When you run with useGrid=false, you're restricting canu to that single node where you requested 120gb of memory. If you land on a node with more memory than this, Canu might exceed your memory request and fail, it is safer to reserve a full node in these cases. Running with useGrid=false is also going to be much slower than using the grid so you may still want to ask your IT to diagnose the previous submission issue.
If the output didn't get generated but the job stopped, it was probably terminated by your scheduler. You'd have to check the history of the job and the output of stdout/stderr from Canu to get that information.
When you run with useGrid=false, you're restricting canu to that single node where you requested 120gb of memory. If you land on a node with more memory than this, Canu might exceed your memory request and fail, it is safer to reserve a full node in these cases. Running with useGrid=false is also going to be much slower than using the grid so you may still want to ask your IT to diagnose the previous submission issue.
The server manager told me that I should have useGrid=false option.
Do you have any idea about how long does it need for canu to assemble the genome? The estimate size is ~280M, and I've got 36GB reads data (transferred to .fq file from .bam files already). I am now using 1000GB memory to continue running the previously stopped one.

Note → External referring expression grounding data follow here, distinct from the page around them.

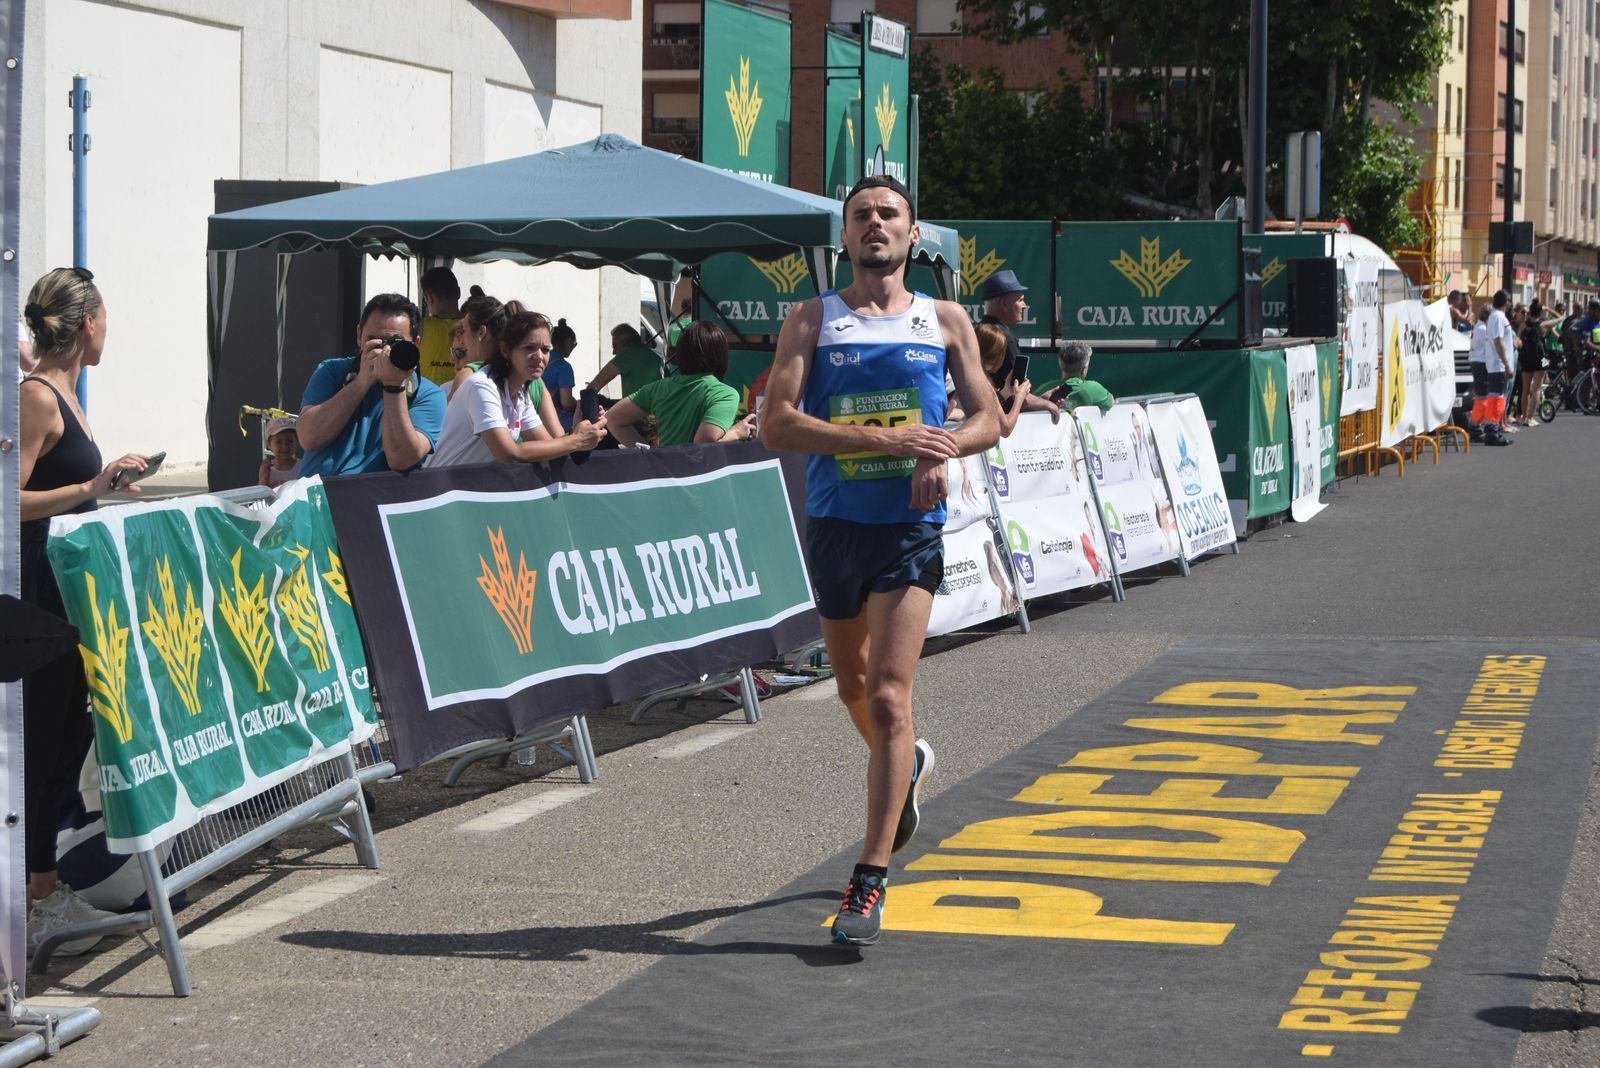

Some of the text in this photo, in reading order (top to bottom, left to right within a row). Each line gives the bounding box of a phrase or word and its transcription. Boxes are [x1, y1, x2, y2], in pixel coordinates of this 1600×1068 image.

[716, 301, 770, 321] CAJA
[1077, 306, 1226, 327] CAJA RURAL
[855, 392, 908, 405] FUNDACION
[856, 401, 909, 413] CAJA RURAL
[861, 463, 885, 472] CAJA
[1177, 491, 1229, 538] OCEANIC
[548, 527, 761, 636] CAJA RURAL
[173, 721, 234, 767] CAJA RURAL
[821, 681, 1417, 946] PIDEPAR
[1277, 654, 1547, 1034] REFORMA INTEGRAL DISEÑO INTERIORES
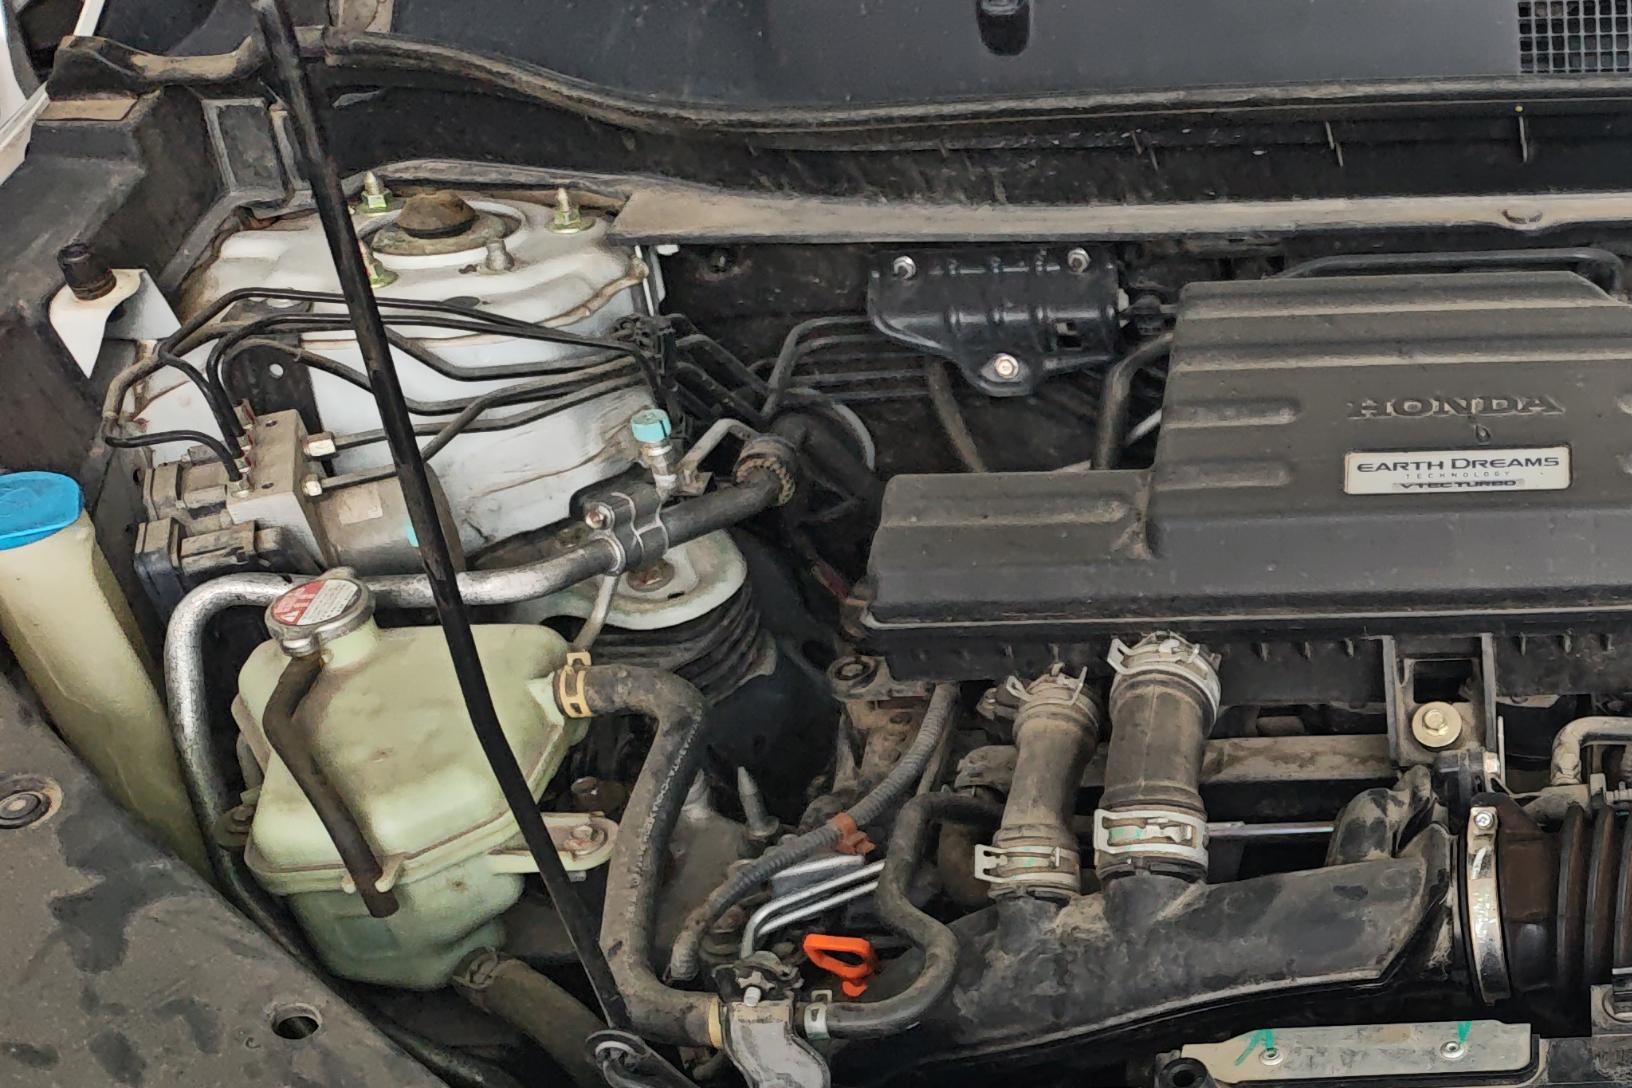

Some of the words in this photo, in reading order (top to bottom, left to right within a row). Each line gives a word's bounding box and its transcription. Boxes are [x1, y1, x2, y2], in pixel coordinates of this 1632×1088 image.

[1346, 394, 1566, 418] HONDA
[1356, 461, 1444, 473] EARTH
[1450, 456, 1560, 470] DREAMS
[1405, 470, 1512, 479] TECHNOLOGY

From the instruction on the website, I think using the same script to continue is okay for canu. I just wanna make sure this is right.
Best wishes and Thank you
The useGrid=false is the easiest solution since then you don't have to find out why the grid submission job from canu was rejected. However, others have run Canu on PBS grids so it should work. The only issue would be if your run nodes aren't allowed to submit jobs (see FAQ).

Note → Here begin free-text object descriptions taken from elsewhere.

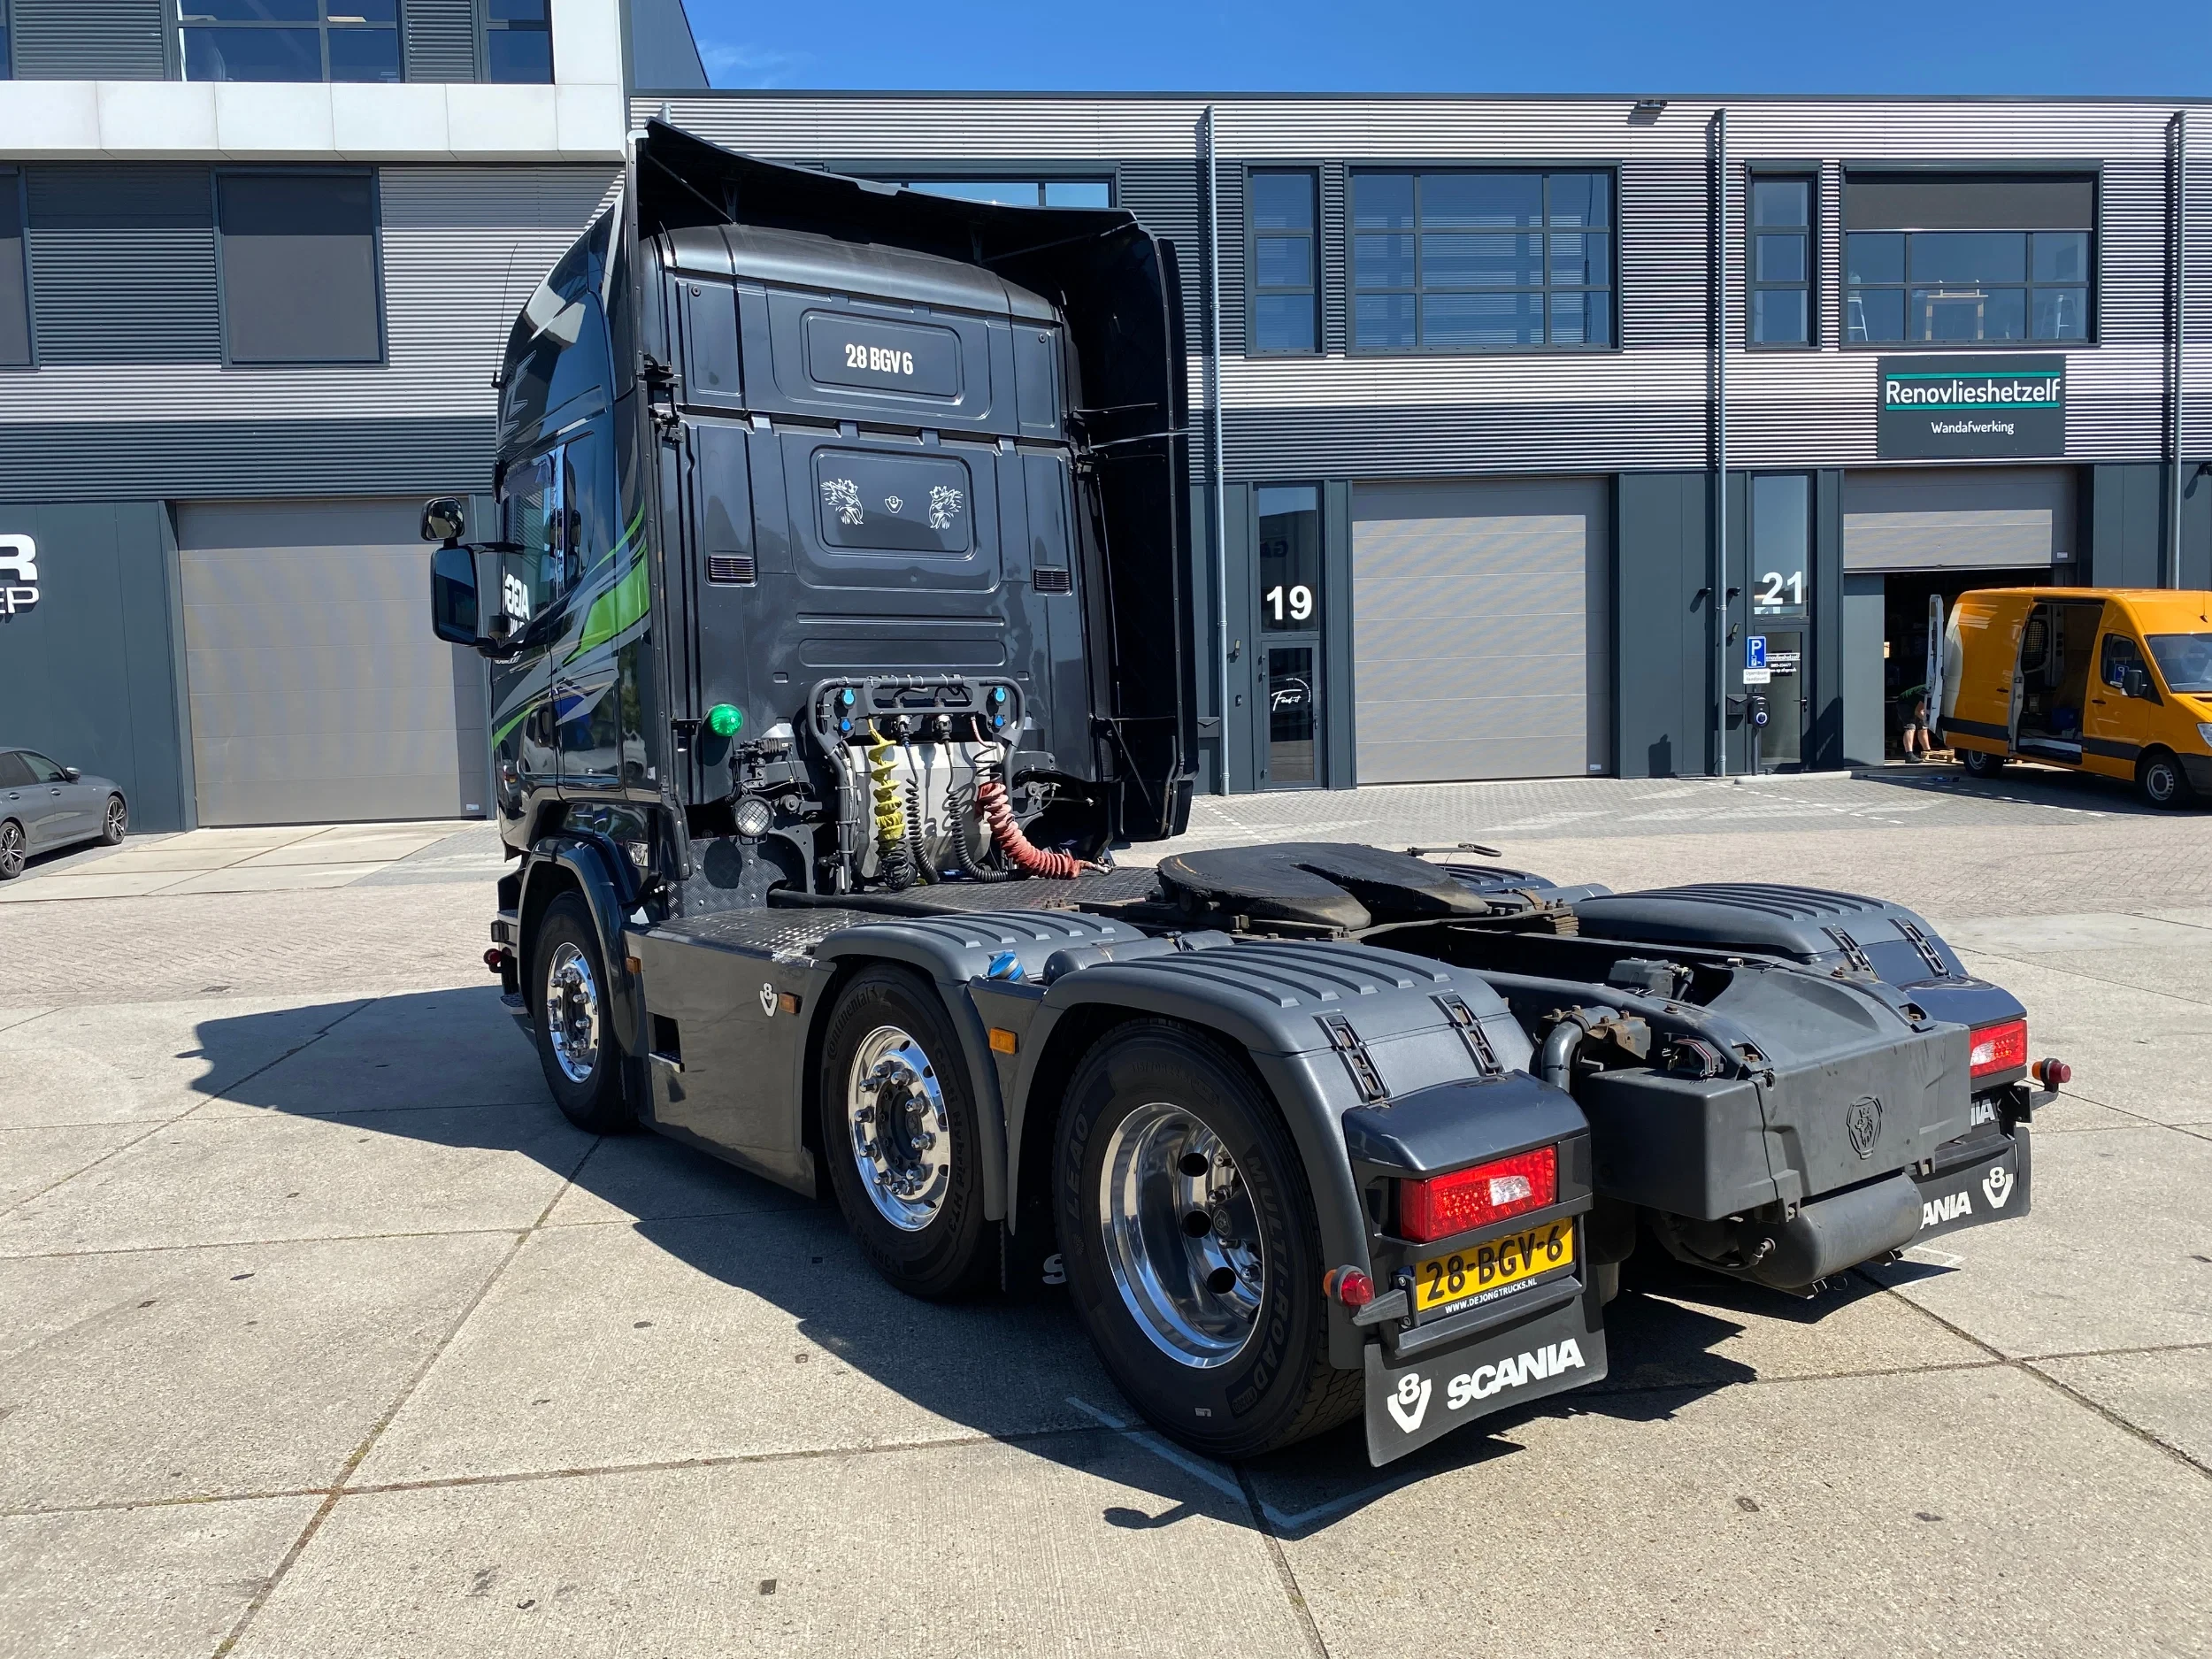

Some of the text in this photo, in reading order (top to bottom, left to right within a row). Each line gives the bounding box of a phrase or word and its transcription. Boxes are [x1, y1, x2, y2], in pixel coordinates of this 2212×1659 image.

[845, 343, 914, 375] 28 BGV 6
[1886, 378, 2061, 404] Renovlieshetzelf
[1931, 420, 2015, 434] Wandafwerking
[1266, 585, 1312, 620] 19
[1762, 571, 1801, 605] 21
[1751, 640, 1762, 656] P
[1425, 1225, 1563, 1302] 28-BGV-6
[1445, 1277, 1538, 1314] WWW.DEJONGTRUCKS.NL
[1447, 1338, 1586, 1410] SCANIA

A 280 mb genome is not too big so I would guess less than a week. Rather than picking a machine with lots of memory, tell Canu how much memory/threads it is allowed to use. That is, if you reserve 200gb/16 cores then add the options maxMemory=200 maxThreads=16
and it will configure itself to fit.
You can restart with the same script yes.
Hi skoren,
The process has been several days now. It still has no canu.out stuff. And I am quite not sure about which step it is performing currently.
There is a file named .seqStore.err showing the following information.
Starting file './antPacbio.seqStore.ssi'.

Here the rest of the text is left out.